CHAPITRE XXXX
Satan trompeur

Eymerich trouva Bagueny profondément endormi sur un fragment de colonne brisée de l’Augustaion, la place qui s’ouvrait devant Sainte-Sophie. Il le secoua rudement.

— Réveillez-vous. Ce n’est pas le moment de sommeiller.

Bagueny ne se réveilla qu’à la quatrième ou cinquième secousse. Il se redressa en se frottant les yeux avec les poings, à la manière des enfants. Il demanda d’une voix empâtée :

— Quelle heure est-il ?

Eymerich regarda le ciel, couvert de nuages.

— Je ne sais pas. Je crois que l’heure de Tierce est passée. Vous avez déjà trop dormi.

— Vous devriez faire de même, magister. Vous avez l’air d’une loque.

— Je le ferai en temps voulu.

Rien n’irritait plus l’inquisiteur que les considérations sur la condition physique.

— Levez-vous. Nous devons y aller.

— Où ça ?

— Je l’ignore. Nous nous dirigerons vers le palais des Blachernes. La plupart des citernes sont dans le sud de la ville. Le démon devrait refaire surface dans l’une d’elles.

— Quel démon ? Et pourquoi les citernes ?

L’idée de puits d’eau morte effrayait le petit dominicain.

Eymerich mit son confrère au fait des derniers événements tandis qu’ils progressaient en direction du Forum de Constantin, entre des maisons abandonnées et des fenêtres aux verres brisés.
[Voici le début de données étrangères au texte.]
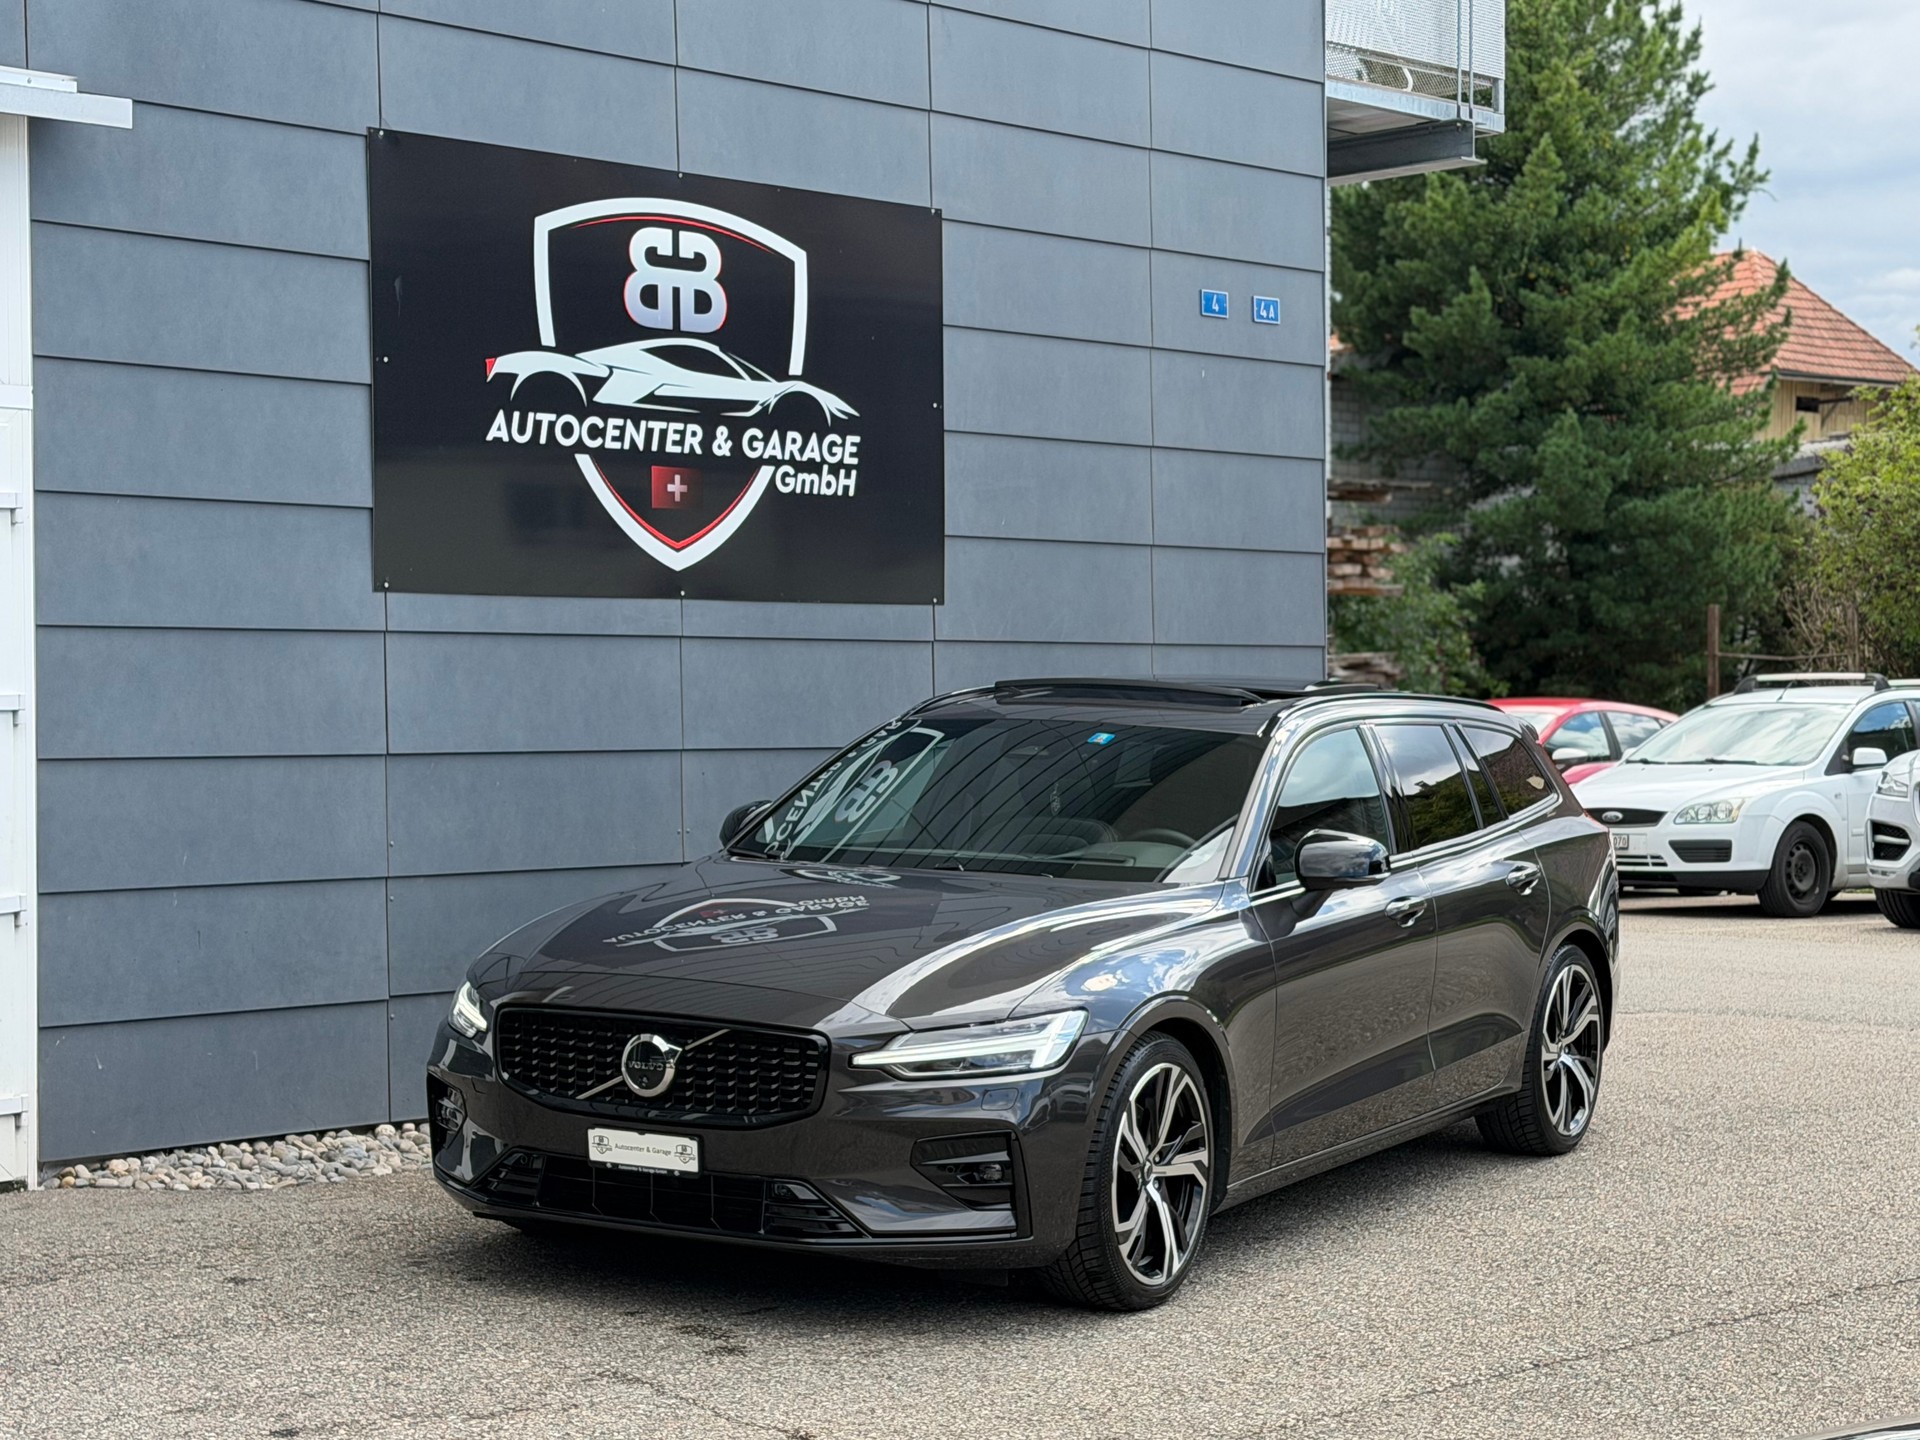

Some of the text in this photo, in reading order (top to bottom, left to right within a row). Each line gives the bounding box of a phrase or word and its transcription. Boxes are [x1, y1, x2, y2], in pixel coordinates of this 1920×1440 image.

[1211, 294, 1219, 312] 4
[1260, 301, 1275, 319] 4A
[485, 409, 861, 465] AUTOCENTER & GARAGE
[774, 465, 858, 496] GmbH
[628, 1060, 664, 1071] VOLVO
[614, 1143, 645, 1153] Autocenter
[652, 1147, 672, 1157] Garage
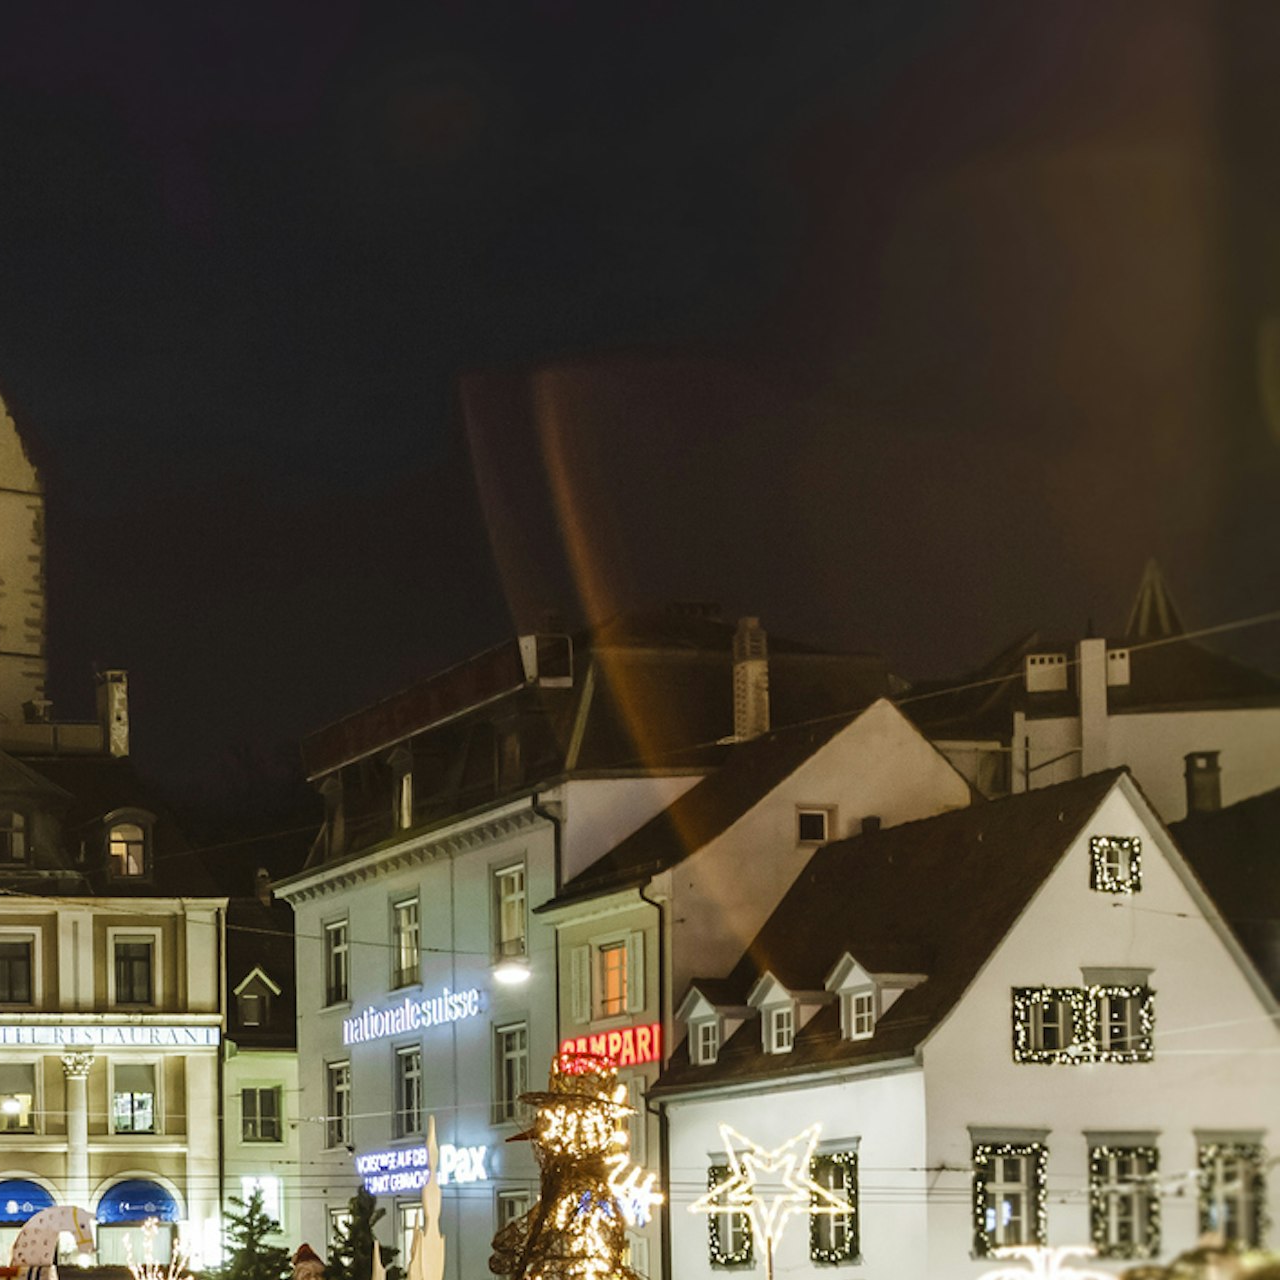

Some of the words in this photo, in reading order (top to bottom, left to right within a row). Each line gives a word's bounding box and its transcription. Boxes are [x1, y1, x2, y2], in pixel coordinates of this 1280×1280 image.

Puis il commenta :

— J’ai cru comprendre que Nemrod était prisonnier de l’eau des bassins grâce aux formules d’un livre que je ne connais pas, intitulé Hygromanteia. Il ne peut se déplacer que dans l’eau, à moins qu’on ne le sorte de force, pour féconder des humaines, par exemple.

— Vous êtes sûr qu’il s’agit de Nemrod ? Et pas de Raphaël ou de l’un des anges gardiens qui furent autrefois attirés par les femmes ?

— Non. Ni les archanges ni les egregoroi n’ont une apparence gigantesque comme Nemrod ou sa descendance.

Bagueny hésita un moment avant de poser la question suivante.

— Magister, Orion fait partie de la mythologie païenne. N’est-ce pas un… péché que de l’attribuer à la chrétienté ?

— Vous me rappelez le père Ermengaudi !

Malgré la dureté de sa réplique, Eymerich n’était pas en colère.

— L’Ancien Testament parle d’Orion, son existence est donc certaine. Que les païens aient fantasmé sur lui n’interdit pas aux chrétiens de l’accepter, en tant qu’ennemi, bien sûr. Le christianisme n’a jamais nié l’existence des dieux et des demi-dieux qui ont précédé la venue du Christ. Les païens commettaient l’erreur de les prendre pour des divinités ou des héros alors qu’ils étaient des diables. C’est le cas pour Baal, mais également pour Orion.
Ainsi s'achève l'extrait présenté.